Much of JSL’s steel is used in the infrastructure and industrial sectors, which have been hit hard by the economic downturn. India’s industrial production has contracted and infrastructure output has been sluggish in the quarter.
“Demand is slack,” Mathur said on the sidelines of a steel conference, “We had a huge cost of nickel inventories. We had done some shutdowns, which took longer than expected.”
JSL, which controls 35 percent of the Indian market, posted losses in the December and the September quarters, and saw profits plunge two-thirds in the June quarter. It has not yet published March quarter results.

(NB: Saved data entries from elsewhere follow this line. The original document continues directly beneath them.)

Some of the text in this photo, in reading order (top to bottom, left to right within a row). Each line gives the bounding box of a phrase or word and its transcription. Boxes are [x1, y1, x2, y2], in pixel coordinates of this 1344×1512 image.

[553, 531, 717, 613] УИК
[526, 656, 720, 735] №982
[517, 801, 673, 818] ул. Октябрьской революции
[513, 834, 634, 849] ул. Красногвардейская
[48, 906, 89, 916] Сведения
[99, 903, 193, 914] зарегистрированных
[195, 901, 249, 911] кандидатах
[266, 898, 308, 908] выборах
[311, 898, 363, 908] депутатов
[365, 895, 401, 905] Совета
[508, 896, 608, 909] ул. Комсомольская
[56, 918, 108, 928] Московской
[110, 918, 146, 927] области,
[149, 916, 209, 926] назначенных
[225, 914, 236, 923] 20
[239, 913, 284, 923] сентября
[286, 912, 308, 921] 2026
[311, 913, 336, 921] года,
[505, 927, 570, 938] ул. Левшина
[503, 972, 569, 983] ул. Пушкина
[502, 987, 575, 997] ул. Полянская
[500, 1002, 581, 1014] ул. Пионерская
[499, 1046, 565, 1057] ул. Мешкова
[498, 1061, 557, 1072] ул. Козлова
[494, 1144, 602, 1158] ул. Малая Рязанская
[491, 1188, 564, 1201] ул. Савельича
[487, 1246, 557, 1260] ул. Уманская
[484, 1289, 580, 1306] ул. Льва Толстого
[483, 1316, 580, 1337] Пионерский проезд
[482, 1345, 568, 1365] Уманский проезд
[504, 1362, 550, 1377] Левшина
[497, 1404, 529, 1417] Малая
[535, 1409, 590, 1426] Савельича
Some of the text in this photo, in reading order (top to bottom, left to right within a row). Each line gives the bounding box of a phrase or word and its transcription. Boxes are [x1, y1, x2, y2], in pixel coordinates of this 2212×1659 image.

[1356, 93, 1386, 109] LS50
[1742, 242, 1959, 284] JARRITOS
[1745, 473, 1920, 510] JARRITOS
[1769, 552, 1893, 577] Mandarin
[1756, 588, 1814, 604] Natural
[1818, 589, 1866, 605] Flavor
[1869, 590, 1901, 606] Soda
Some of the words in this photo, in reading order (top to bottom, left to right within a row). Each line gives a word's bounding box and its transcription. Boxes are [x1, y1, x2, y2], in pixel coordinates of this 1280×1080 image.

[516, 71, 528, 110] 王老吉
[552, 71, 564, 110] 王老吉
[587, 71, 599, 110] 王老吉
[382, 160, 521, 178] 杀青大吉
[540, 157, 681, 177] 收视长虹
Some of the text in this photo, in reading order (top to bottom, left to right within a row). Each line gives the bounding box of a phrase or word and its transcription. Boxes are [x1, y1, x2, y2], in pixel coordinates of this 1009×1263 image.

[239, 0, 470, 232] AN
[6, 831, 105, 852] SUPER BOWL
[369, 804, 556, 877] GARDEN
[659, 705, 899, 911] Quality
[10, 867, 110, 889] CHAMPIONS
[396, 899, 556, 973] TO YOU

Much of the losses were due to souring bets on foreign exchange and commodity prices, as prices of nickel , a key ingredient, collapsed nearly two-thirds in the fiscal year.
Mathur said JSL was likely to post sales of 50 billion rupees in 2008/09, and production would have been 500,000 tonnes. It had an installed capacity of 600,000 tonnes per year.
JSL raised its annual capacity to 720,000 tonnes this fiscal, but plans for a 800,000 tonne plant in Orissa has been deferred to 2011 from 2010. Its plan to expand its Indonesian unit has also been slowed, he said.
Ahead of the news, shares in the firm closed 6 percent higher at 55.45 rupees in a Mumbai market that closed up 2.9 percent.
India’s stainless steel demand would be flat at 1.3 million tonnes in 2009/10, said Mathur, who is also the president of the Indian Stainless Steel Development Association. Production would also remain static at 1.7 million tonnes.
“The next four to six months will be difficult.”
JSL’s capacity utilisation could come down to 60-70 percent in 2009/10, from around 80 percent in the previous year, he said.